(Entries taken from a collection)

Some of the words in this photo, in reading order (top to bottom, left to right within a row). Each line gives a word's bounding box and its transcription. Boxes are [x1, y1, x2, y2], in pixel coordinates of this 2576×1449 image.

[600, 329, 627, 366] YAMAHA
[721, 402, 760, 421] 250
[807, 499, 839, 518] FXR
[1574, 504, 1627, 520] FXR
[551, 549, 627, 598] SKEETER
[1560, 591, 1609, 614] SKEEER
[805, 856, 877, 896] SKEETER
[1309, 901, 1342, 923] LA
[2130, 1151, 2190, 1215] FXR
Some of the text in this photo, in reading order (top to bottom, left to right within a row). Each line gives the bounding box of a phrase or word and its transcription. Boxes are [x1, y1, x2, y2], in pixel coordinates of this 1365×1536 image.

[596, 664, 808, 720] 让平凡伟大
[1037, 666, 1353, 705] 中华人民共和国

What the task requires: What's needed is every entry, returned word for word.

Response box:
Some of the words in this photo, in reading order (top to bottom, left to right within a row). Each line gives a word's bounding box and its transcription. Boxes are [x1, y1, x2, y2], in pixel coordinates of this 2576×1449 image.

[600, 329, 627, 366] YAMAHA
[721, 402, 760, 421] 250
[807, 499, 839, 518] FXR
[1574, 504, 1627, 520] FXR
[551, 549, 627, 598] SKEETER
[1560, 591, 1609, 614] SKEEER
[805, 856, 877, 896] SKEETER
[1309, 901, 1342, 923] LA
[2130, 1151, 2190, 1215] FXR
Some of the text in this photo, in reading order (top to bottom, left to right within a row). Each line gives the bounding box of a phrase or word and its transcription. Boxes are [x1, y1, x2, y2], in pixel coordinates of this 1365×1536 image.

[596, 664, 808, 720] 让平凡伟大
[1037, 666, 1353, 705] 中华人民共和国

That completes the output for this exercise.